PME Mag. – Que ações têm preparadas para o resto do ano?

R. J. – Além da já mencionada tournée do musical infantil “Compasso de Palhaço – Pequena Sinfonia para as Horas Vagas” e da exposição interativa “Da ponta do Nariz ao Sorriso de uma Criança” por 17 hospitais, e da estreia aberta ao público no CCB no final de outubro, também já realizámos a campanha anual do Dia do Nariz Vermelho. A par destas, vamos ter workshops, palestras e outros produtos pensados para o setor empresarial, que nos permitem mostrar o trabalho que fazemos aos parceiros que podem apoiar-nos.

PME Mag. – Em Portugal, que desafios apresenta enfrenta uma organização sem fins lucrativos como a vossa?

R. J. – A maior dificuldade de uma organização sem fins lucrativos é o orçamento. Na ONV, centramos a grande maioria da nossa comunicação na angariação de parcerias pro-bono, de forma a assegurar que a nossa prioridade são os investimentos ligados diretamente à missão, sendo que será sempre impossível ter a abrangência e impacto que uma empresa com budget de investimento nas várias áreas tem.

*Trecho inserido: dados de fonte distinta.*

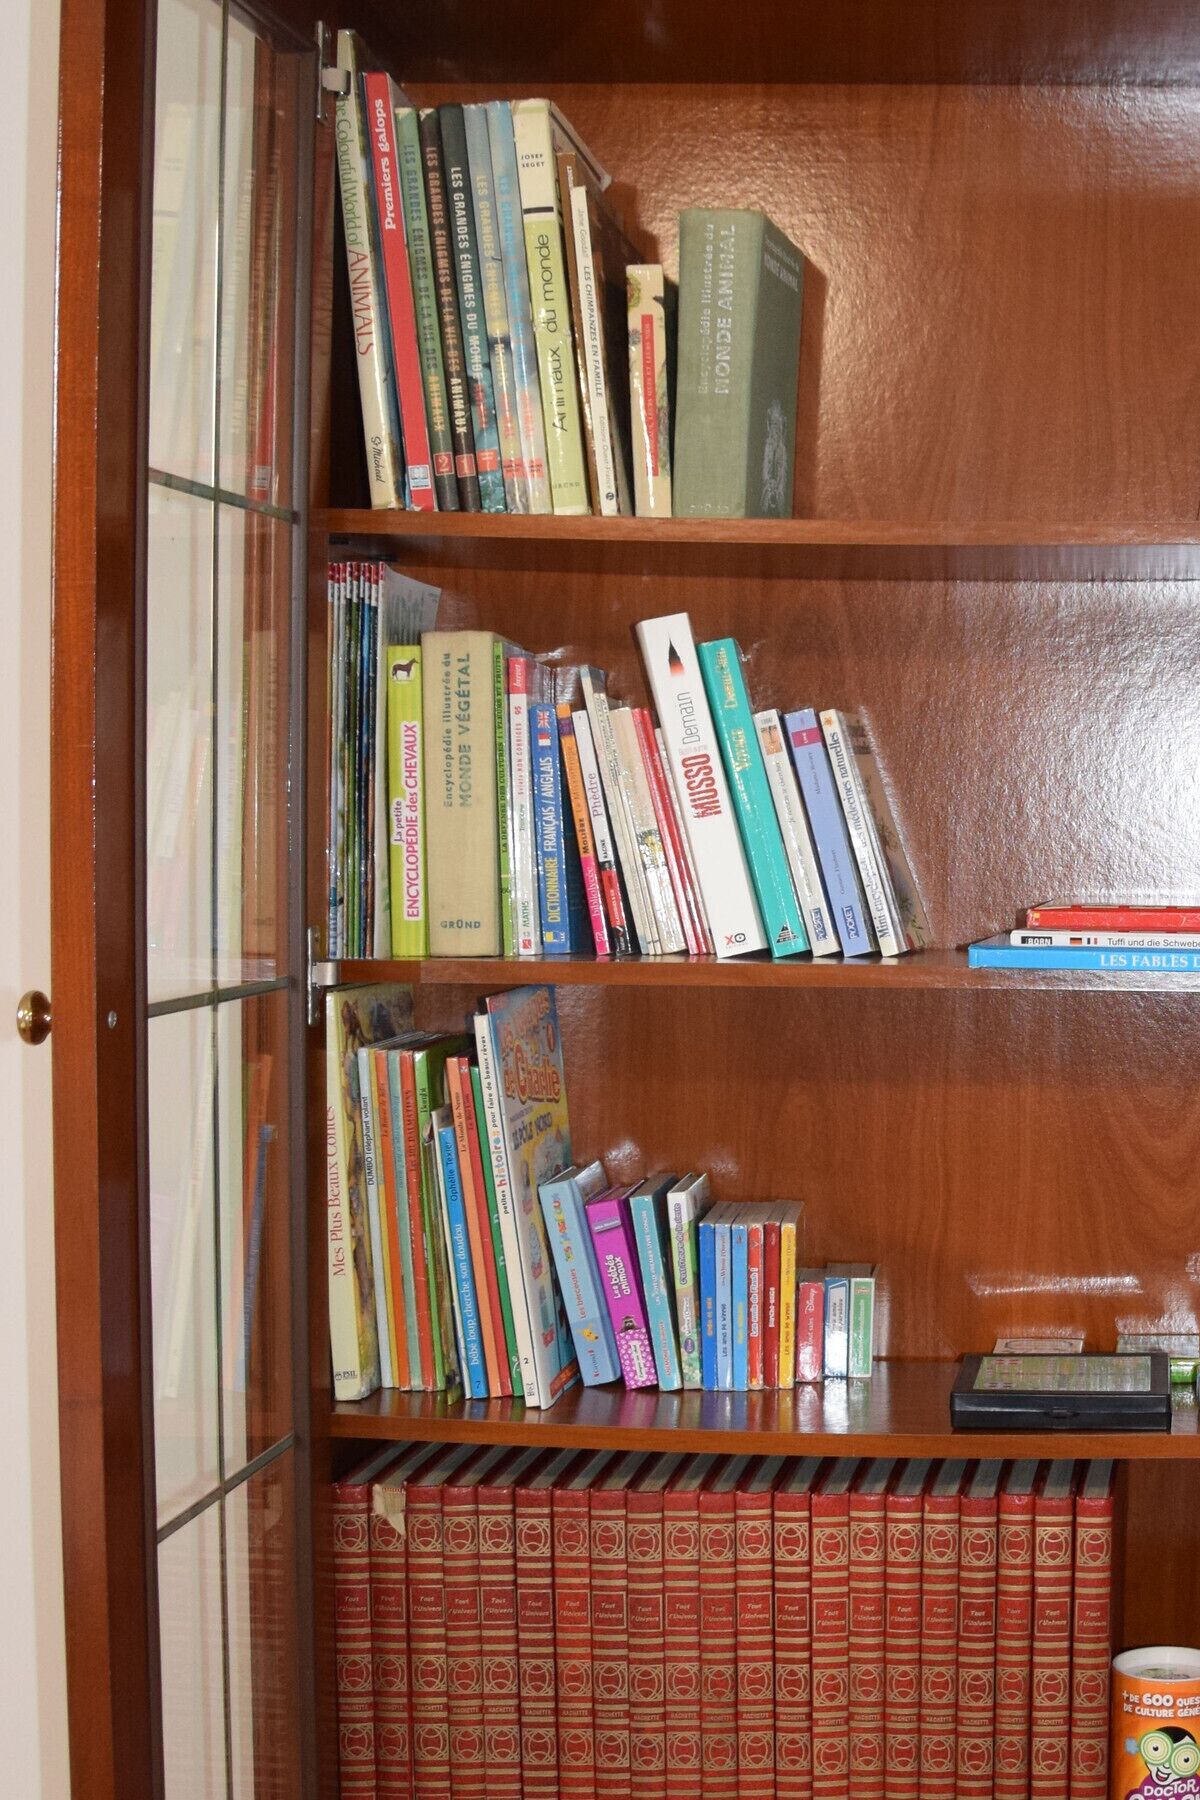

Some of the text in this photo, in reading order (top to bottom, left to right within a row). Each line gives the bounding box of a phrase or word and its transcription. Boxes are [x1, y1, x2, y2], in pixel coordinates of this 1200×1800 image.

[374, 98, 397, 230] Premiers galops
[449, 167, 464, 188] LES
[337, 120, 374, 356] Colourful World of ANIMALS
[452, 192, 471, 249] GRANDES
[704, 224, 715, 245] du
[536, 233, 554, 304] monde
[465, 313, 480, 330] DU
[545, 310, 558, 333] du
[582, 265, 592, 282] LES
[592, 356, 604, 398] FAMILLE
[714, 224, 736, 395] MONDE ANIMAL
[429, 375, 446, 432] ANIMAUX
[450, 378, 468, 434] ANIMAUX
[442, 652, 454, 808] Encyclopédie du
[453, 652, 472, 808] MONDE VÉGÉTAL
[515, 705, 522, 716] 95
[676, 691, 699, 745] Demain
[403, 723, 419, 813] des CHEVAUX
[828, 731, 852, 778] naturelles
[681, 752, 723, 820] MUSSO
[392, 799, 404, 829] petite
[588, 771, 609, 859] RACINE Phèdre
[539, 756, 561, 924] DICTIONNAIRE FRANÇAIS ANGLAIS
[840, 905, 860, 940] POCKET
[1107, 938, 1125, 946] Tuffi
[1128, 938, 1144, 947] und
[1147, 938, 1159, 947] die
[1101, 954, 1128, 967] LES
[1132, 954, 1188, 968] FABLES
[481, 1035, 489, 1057] rêves
[487, 1080, 493, 1092] de
[488, 1093, 496, 1110] faire
[362, 1096, 375, 1186] DUMBO volant
[404, 1089, 417, 1159] 101 DALMATIENS
[490, 1111, 498, 1128] pour
[492, 1130, 508, 1188] histoires
[327, 1105, 346, 1277] Mes Plus Beaux Contes
[502, 1189, 510, 1215] petites
[672, 1202, 683, 1224] sieste
[445, 1142, 481, 1366] bébé loup cherche son doudou Ophélie Texier
[605, 1253, 621, 1299] Les bébés
[615, 1256, 631, 1296] animaux
[569, 1268, 584, 1307] berceuses
[750, 1272, 758, 1337] Les amis de Flash
[805, 1288, 818, 1314] Disney
[523, 1357, 530, 1365] 2
[1123, 1704, 1133, 1713] DE
[1135, 1706, 1175, 1718] CULTURE
[1129, 1694, 1139, 1704] DE
[1142, 1693, 1174, 1707] 600
[1143, 1779, 1200, 1796] DOCTOR
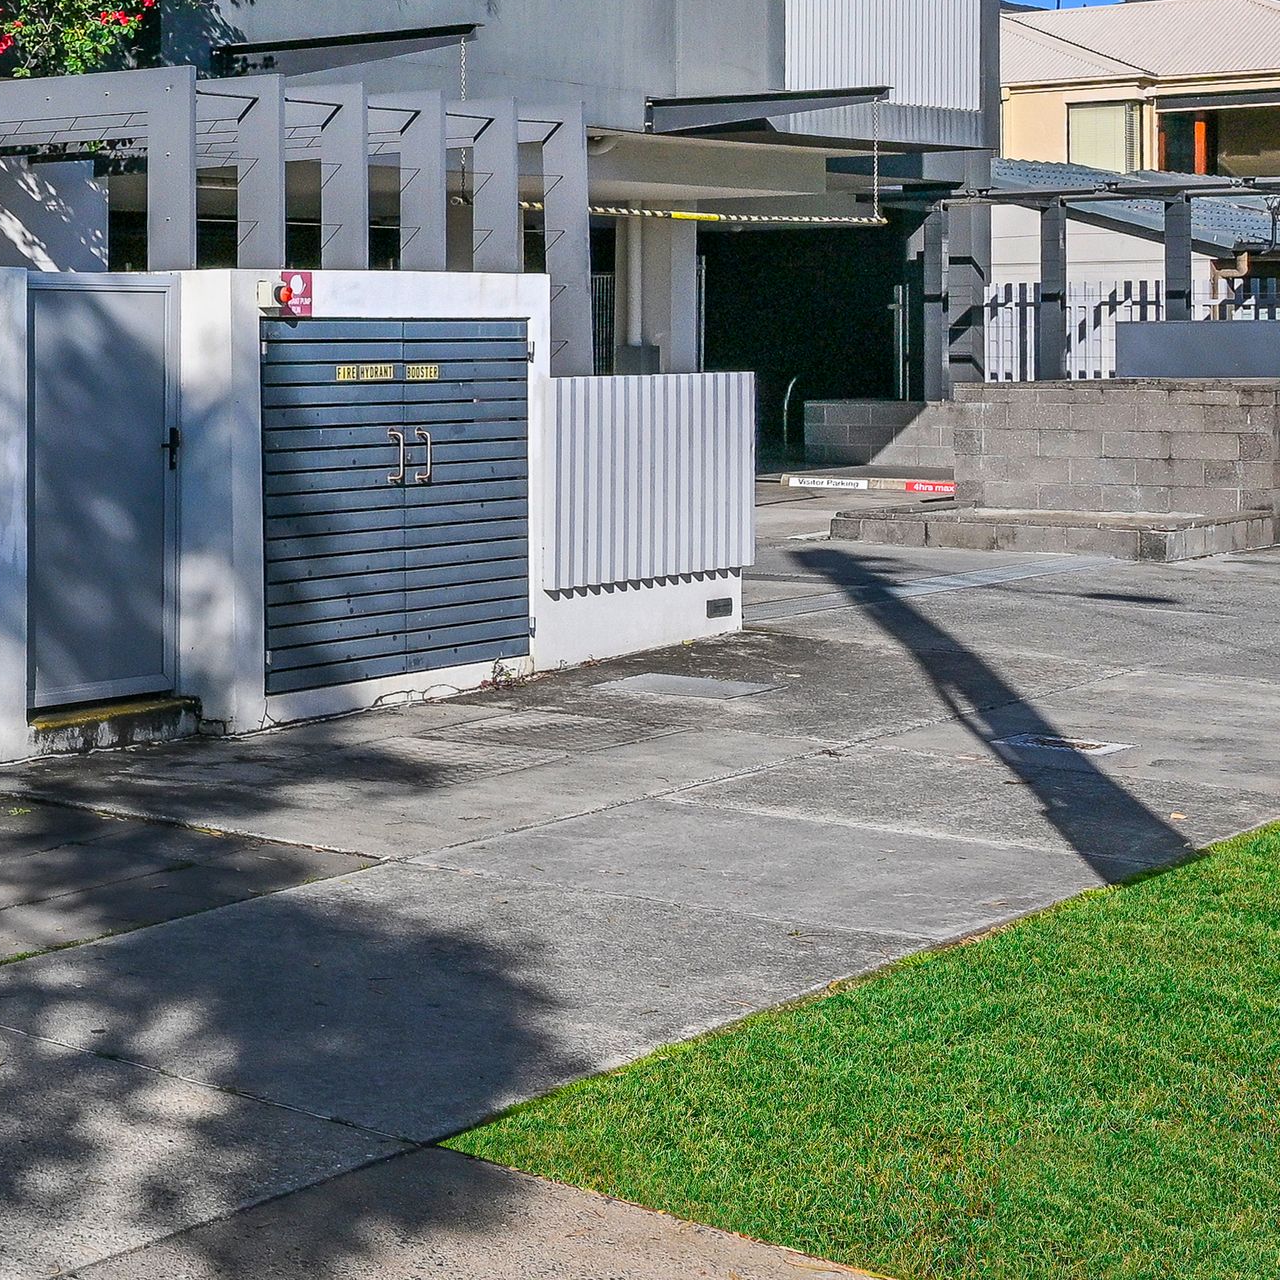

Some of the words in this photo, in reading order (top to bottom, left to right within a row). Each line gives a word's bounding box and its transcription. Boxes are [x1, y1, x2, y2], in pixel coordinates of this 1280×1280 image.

[337, 367, 356, 379] FIRE
[360, 366, 393, 378] HYDRANT
[407, 366, 438, 378] BOOSTER
[798, 478, 824, 486] Visitor
[826, 479, 860, 488] Parking
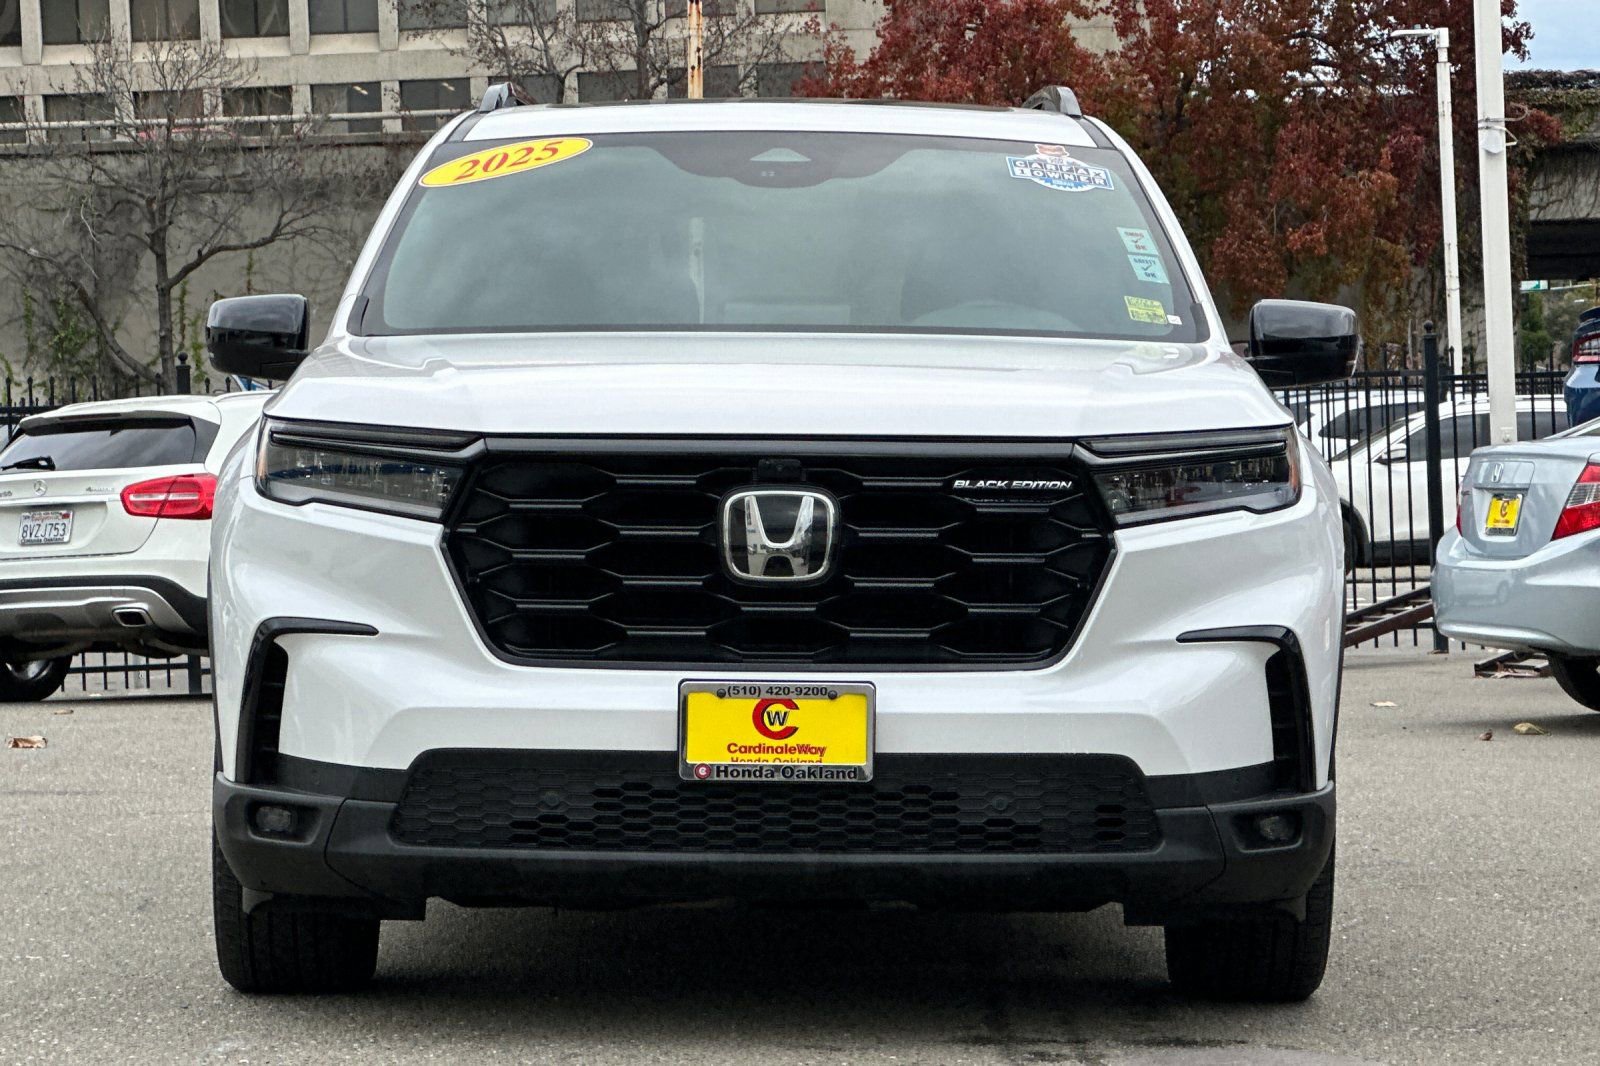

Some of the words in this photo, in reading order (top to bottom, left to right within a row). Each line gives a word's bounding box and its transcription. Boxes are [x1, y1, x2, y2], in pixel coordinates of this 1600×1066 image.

[453, 141, 564, 181] 2025
[1015, 160, 1104, 178] CARFAX
[1032, 170, 1105, 185] OWNER
[953, 480, 1008, 489] BLACK
[1010, 480, 1073, 489] EDITION
[21, 522, 67, 539] 8VZJ753
[727, 685, 761, 698] (510)
[765, 686, 828, 697] 420-9200
[727, 742, 827, 758] CardinaleWay
[715, 765, 775, 779] Honda
[781, 765, 858, 779] Oakland

Além disso, em Portugal, existe muito a ideia de os indivíduos e empresas irem rodando a instituição que apoiam, o que, embora tenha lógica na ótica do doador, que pode identificar-se com diversas causas, representa, para as instituições do terceiro setor, um desafio acrescido, porque significa que nunca podemos tomar como garantido um apoio. Todos os anos temos de trabalhar do zero para continuarmos a poder levar o nosso trabalho e os doutores palhaços até junto das crianças.

PME Mag. – Quais os planos para o futuro?

R. J. – Tal como referi acima, o nosso maior sonho é, um dia, conseguir visitar todas as crianças e adolescentes nos serviços de pediatria dos hospitais em Portugal. Com a experiência e aprendizagens durante o período da pandemia e com o apoio de todos os que acreditam na nossa missão e na qualidade do nosso trabalho, poderemos implementar um plano de expansão que permita, ano após ano, continuar o caminho para esse sonho.